# TASK BRIEF
Only one range belongs in the answer: the line holding "this 1600×1066 image." through the last line of the records, reproduced as is.
==================================================
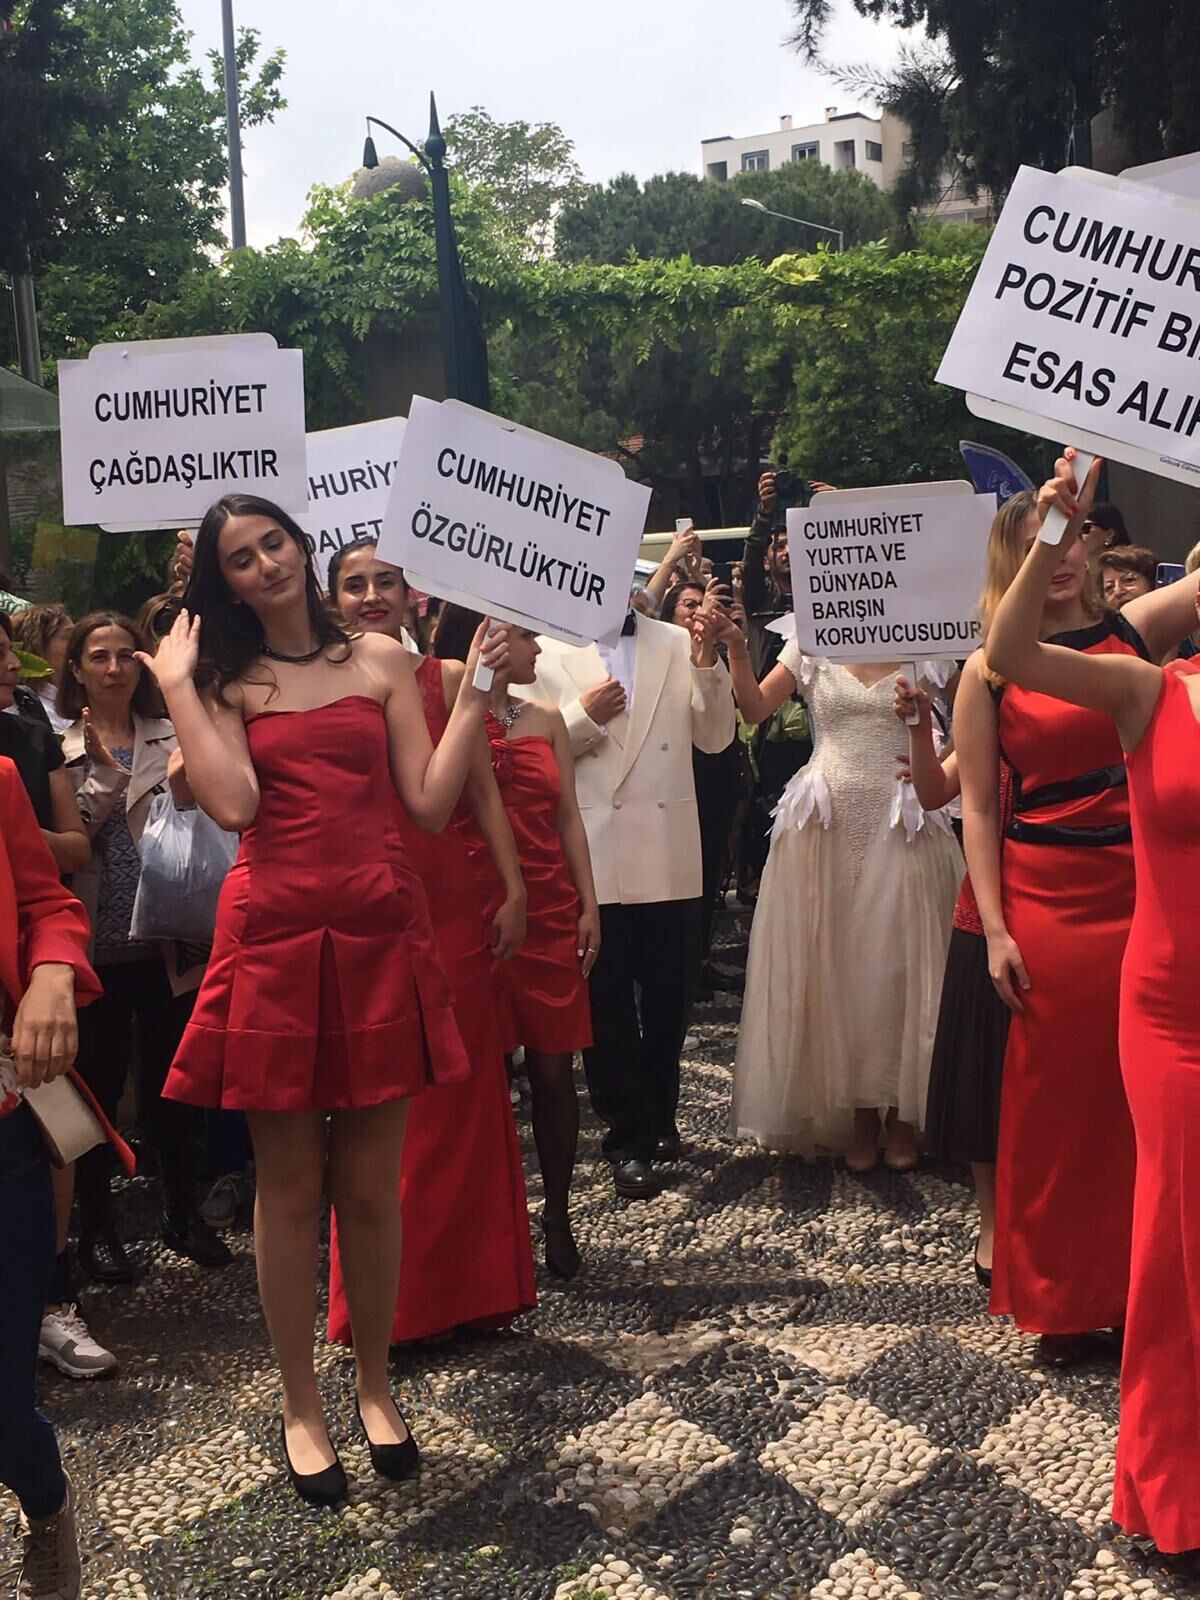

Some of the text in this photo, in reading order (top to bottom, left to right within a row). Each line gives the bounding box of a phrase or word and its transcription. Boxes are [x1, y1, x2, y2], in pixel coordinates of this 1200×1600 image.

[1024, 205, 1200, 293] CUMHUR
[995, 263, 1156, 338] POZİTİF
[1003, 341, 1116, 407] ESAS
[94, 379, 267, 422] CUMHURİYET
[90, 449, 279, 493] ÇAĞDAŞLIKTIR
[308, 460, 398, 501] HURİY
[437, 447, 611, 537] CUMHURİYET
[804, 511, 923, 540] CUMHURİYET
[411, 502, 606, 606] ÖZGÜRLÜKTÜR
[806, 542, 906, 567] YURTTA VE
[809, 570, 897, 593] DÜNYADA
[812, 599, 885, 622] BARIŞIN
[815, 620, 982, 646] KORUYUCUSUDUR
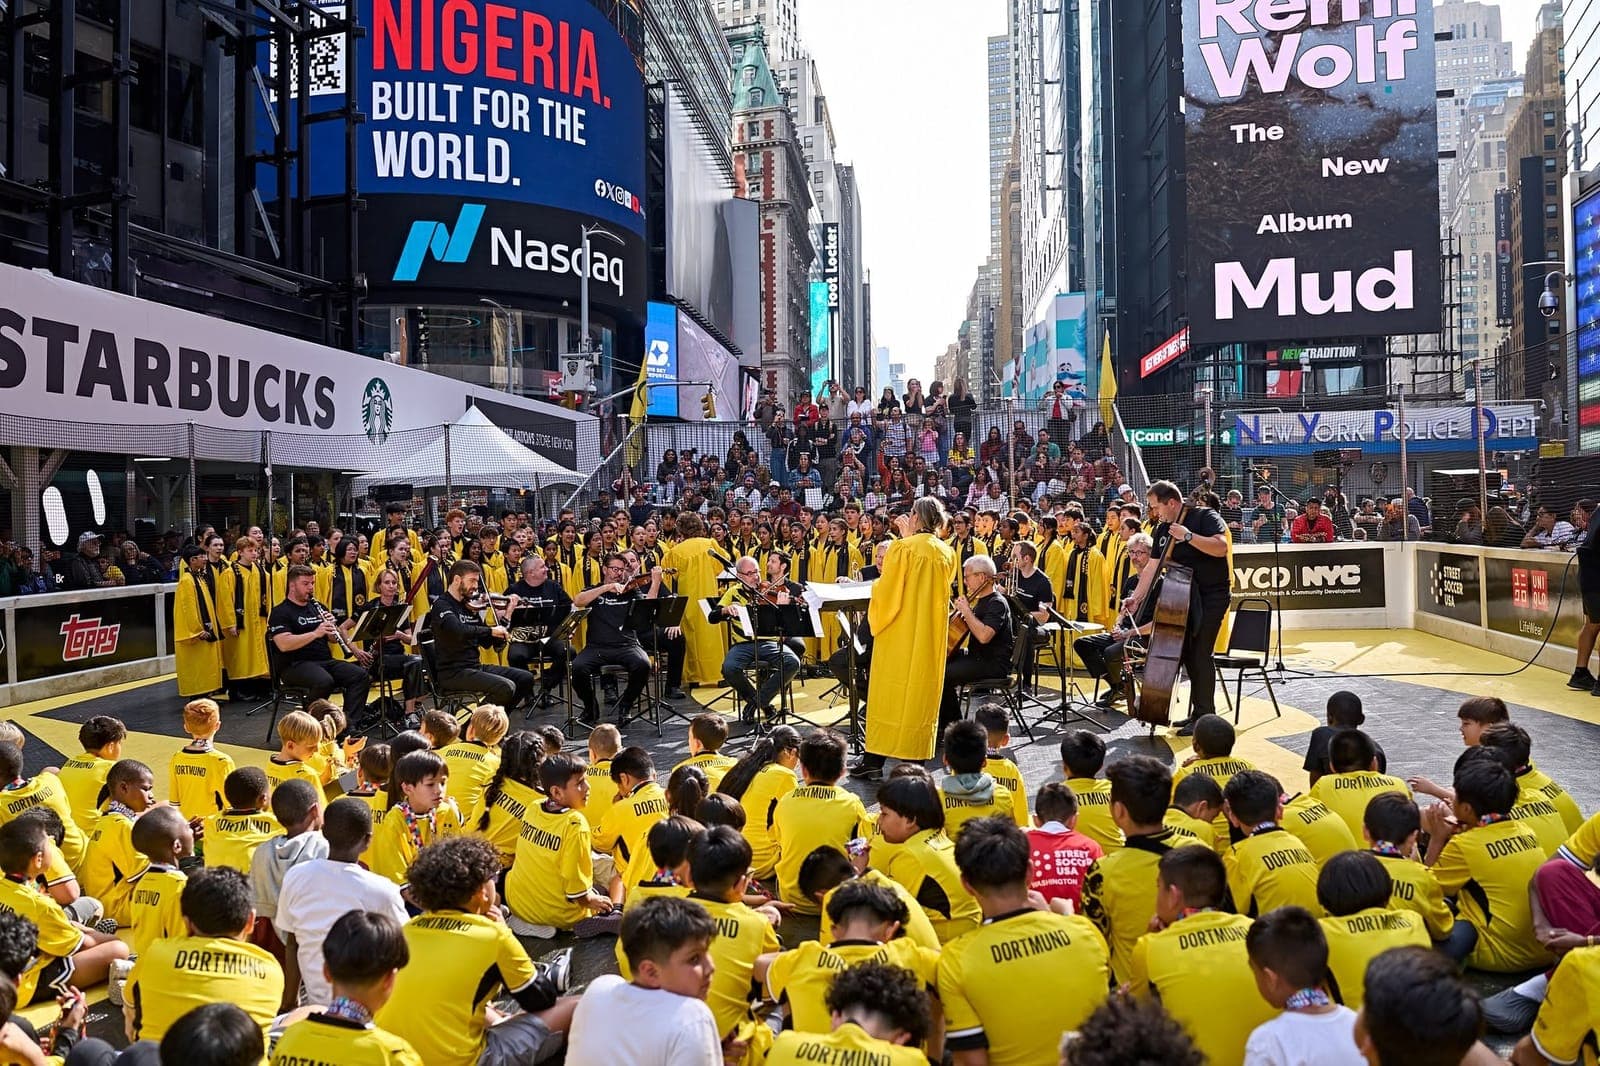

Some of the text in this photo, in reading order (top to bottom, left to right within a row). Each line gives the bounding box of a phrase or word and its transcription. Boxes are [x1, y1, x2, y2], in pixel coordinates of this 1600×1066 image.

[372, 0, 611, 109] NIGERIA.
[1198, 19, 1418, 98] Wolf
[372, 81, 586, 146] BUILT FOR THE
[1230, 123, 1284, 144] The
[372, 130, 521, 186] WORLD.
[1321, 156, 1389, 177] New
[1256, 213, 1352, 234] Album
[491, 227, 624, 296] Nasdaq
[825, 226, 838, 307] Foot Locker
[1214, 250, 1414, 320] Mud
[1303, 346, 1357, 359] TRADITION
[0, 308, 335, 430] STARBUCKS
[1374, 410, 1460, 440] POLICE
[1471, 407, 1541, 439] DEPT
[1302, 564, 1360, 587] NYC
[1443, 565, 1461, 580] STREET
[1532, 575, 1545, 590] UNI
[1324, 587, 1360, 596] Development
[1443, 580, 1464, 595] SOCCER
[1444, 595, 1456, 608] USA
[1533, 591, 1546, 608] QLO
[1519, 620, 1544, 636] LifeWear
[446, 749, 485, 763] DORTMUND
[792, 787, 836, 799] DORTMUND
[1335, 776, 1394, 790] DORTMUND
[8, 787, 53, 815] DORTMUND
[1054, 850, 1090, 858] STREET
[1056, 867, 1079, 876] USA
[1031, 878, 1078, 888] WASHINGTON
[1347, 913, 1411, 934] DORTMUND
[990, 929, 1071, 963] DORTMUND
[1179, 926, 1248, 951] DORTMUND
[175, 950, 267, 980] DORTMUND
==================================================
# EXERCISE RESULT
Some of the text in this photo, in reading order (top to bottom, left to right within a row). Each line gives the bounding box of a phrase or word and its transcription. Boxes are [x1, y1, x2, y2], in pixel coordinates of this 1600×1066 image.

[372, 0, 611, 109] NIGERIA.
[1198, 19, 1418, 98] Wolf
[372, 81, 586, 146] BUILT FOR THE
[1230, 123, 1284, 144] The
[372, 130, 521, 186] WORLD.
[1321, 156, 1389, 177] New
[1256, 213, 1352, 234] Album
[491, 227, 624, 296] Nasdaq
[825, 226, 838, 307] Foot Locker
[1214, 250, 1414, 320] Mud
[1303, 346, 1357, 359] TRADITION
[0, 308, 335, 430] STARBUCKS
[1374, 410, 1460, 440] POLICE
[1471, 407, 1541, 439] DEPT
[1302, 564, 1360, 587] NYC
[1443, 565, 1461, 580] STREET
[1532, 575, 1545, 590] UNI
[1324, 587, 1360, 596] Development
[1443, 580, 1464, 595] SOCCER
[1444, 595, 1456, 608] USA
[1533, 591, 1546, 608] QLO
[1519, 620, 1544, 636] LifeWear
[446, 749, 485, 763] DORTMUND
[792, 787, 836, 799] DORTMUND
[1335, 776, 1394, 790] DORTMUND
[8, 787, 53, 815] DORTMUND
[1054, 850, 1090, 858] STREET
[1056, 867, 1079, 876] USA
[1031, 878, 1078, 888] WASHINGTON
[1347, 913, 1411, 934] DORTMUND
[990, 929, 1071, 963] DORTMUND
[1179, 926, 1248, 951] DORTMUND
[175, 950, 267, 980] DORTMUND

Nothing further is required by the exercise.